A few weeks ago we had our Thursday Scrimmage Practice and although we have it every week, this one really stuck to me.  Thursday Scrimmage Practice is always just a little more intense than our regular league practice.  People become nervous, excited, and frustrated very quickly because of the expectations that we set for ourselves.  We all feel like we have to something to prove at every scrimmage, and if we do poorly, we beat ourselves up about it.



At this particular Thursday Scrimmage, we were discussing as a team what our positions would be and how the expectation was for everyone to jam at least once, no matter what your regular position is.  We do this to encourage people to get outside their comfort zone and learn something new.  As we were talking about this I heard someone pipe up.  A fellow teammate started saying how nerve-racking jamming was for her, how it was incredibly difficult, and how she went through a panic-attack when she even thought about jamming.  This confession brought her to tears.  You could see how scared and frustrated she was and how the expectations she had put on herself had brought her to this point.  As she was opening her heart to us I thought, "This girl is braver than I ever knew."  

This courageous girl had been scared to share her feelings with us, but had done it anyway.  This act of strength revealed to me that as different as each and every one of us are, we are a family.  We're not "roller derby sisters," we're real sisters, and we are responsible for the culture of our league.  This moment inspired me to seek a change in the roller derby culture as a whole.  We use words like "tough" and "badass" to describe what kind of people we are, but what do these words really mean?  We have adopted in this sport that they mean things like "fearless," "shut up and skate," and "get your ass on the track."  But to me, "tough" and "badass" mean being scared and getting on the track anyway.  It means taking those fears that you have and being open about them.

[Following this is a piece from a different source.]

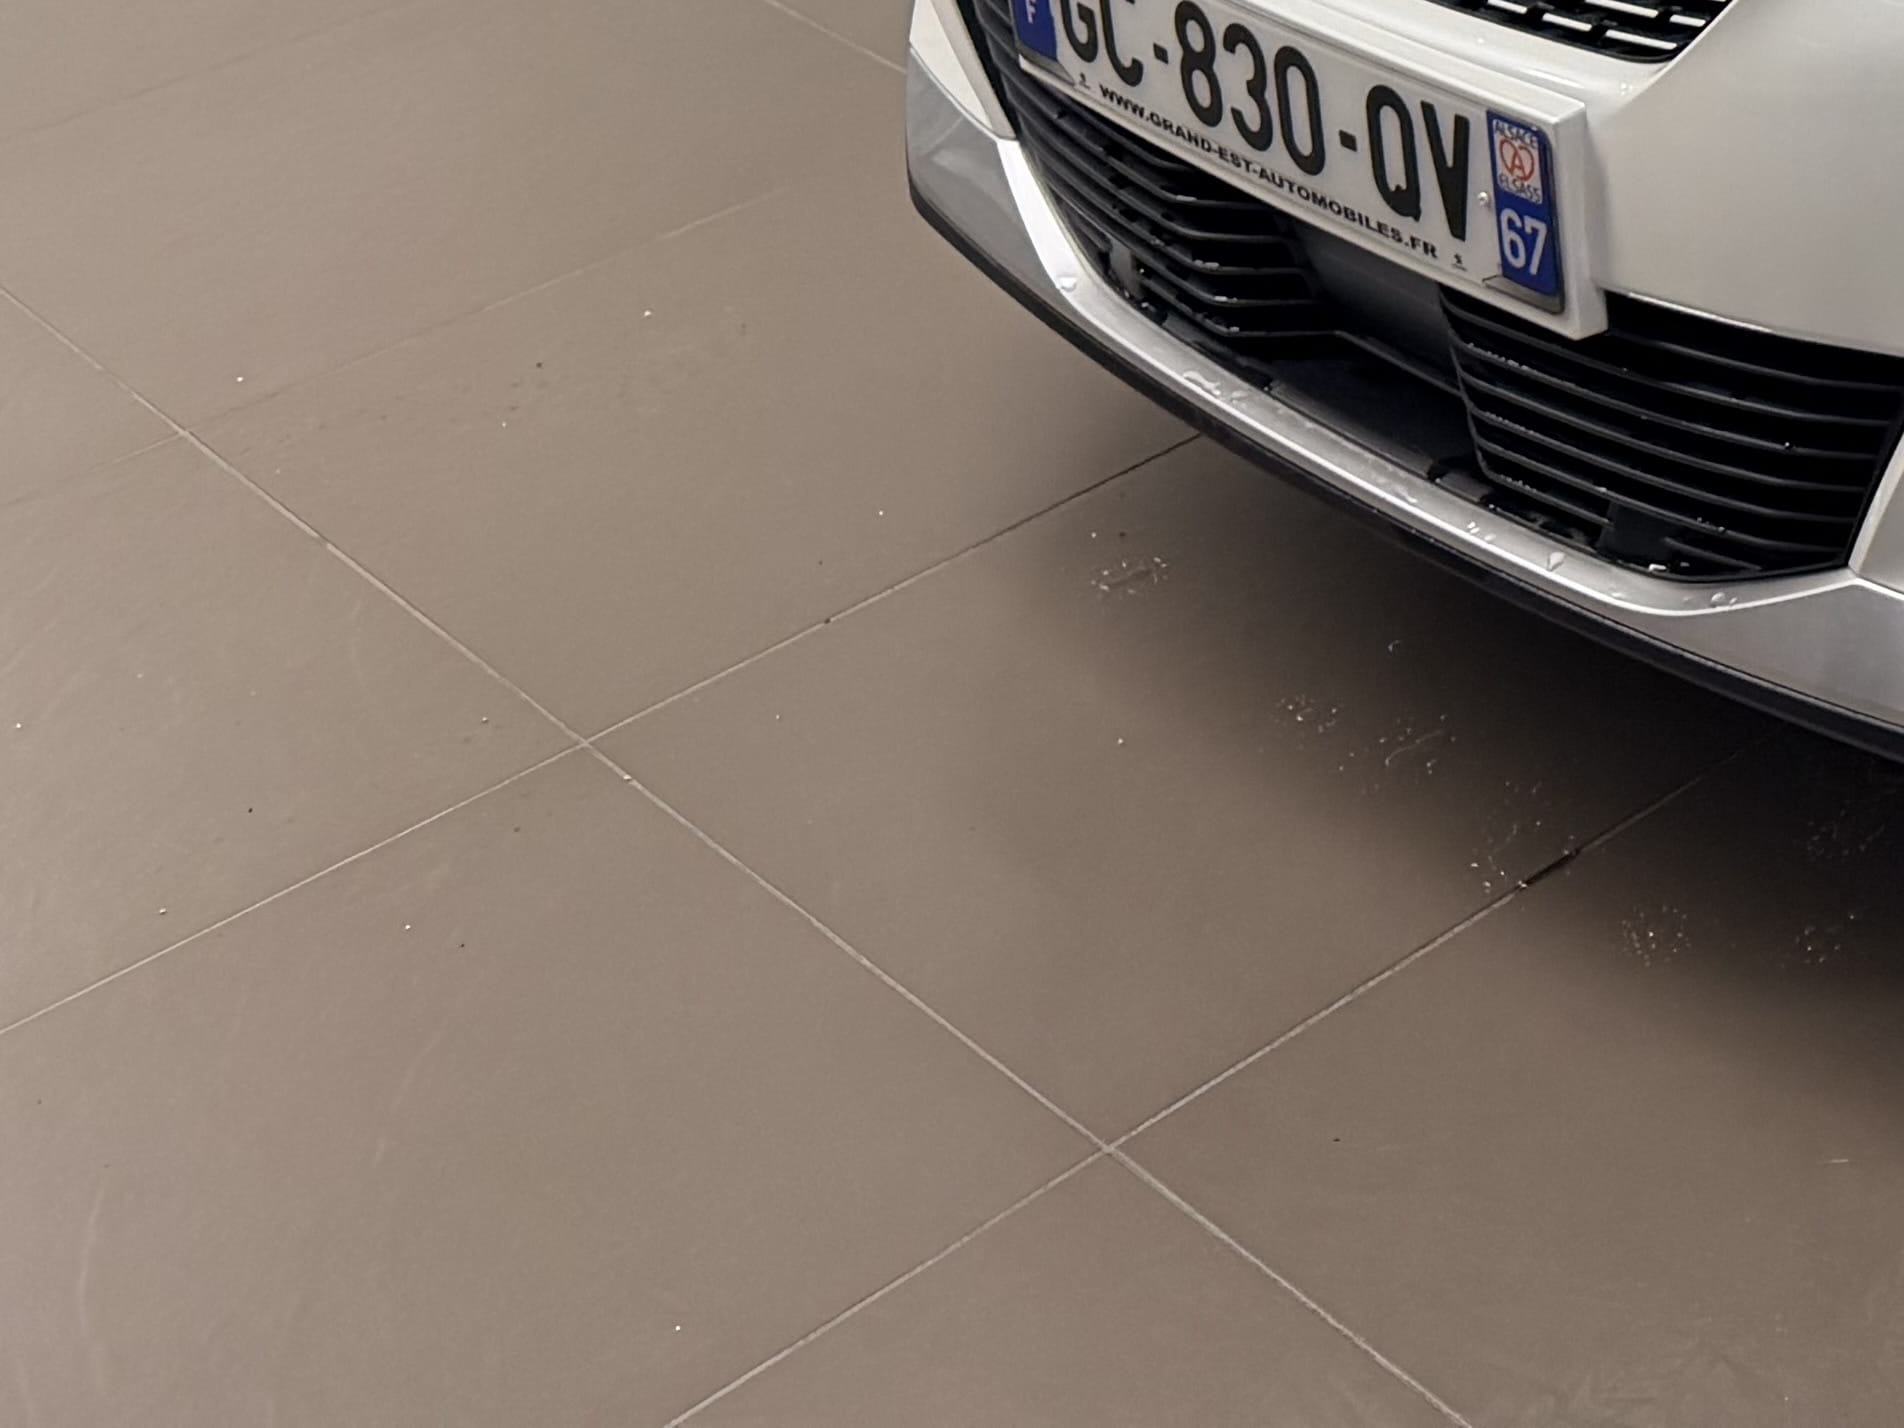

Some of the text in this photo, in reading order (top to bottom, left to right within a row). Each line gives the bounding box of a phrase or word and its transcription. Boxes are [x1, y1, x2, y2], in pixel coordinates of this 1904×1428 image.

[1494, 120, 1539, 149] ALSACE
[1098, 83, 1438, 260] WWW.GRAND-EST-AUTOMOBILES.FR
[1501, 207, 1548, 276] 67

Having insecurities about yourself as a player has always been looked down upon. We're so used to shoving all of our fears to the back of our mind that instead of being confident, we're just pretending to be confident. Let's change this by starting a conversation about what we're afraid of and then listening to our fellow sisters. Your roller derby sisters are there to support and strengthen you, so bring your fears on the track with you and defeat them there; on the battlefield.  You have all the warriors you need right next to you.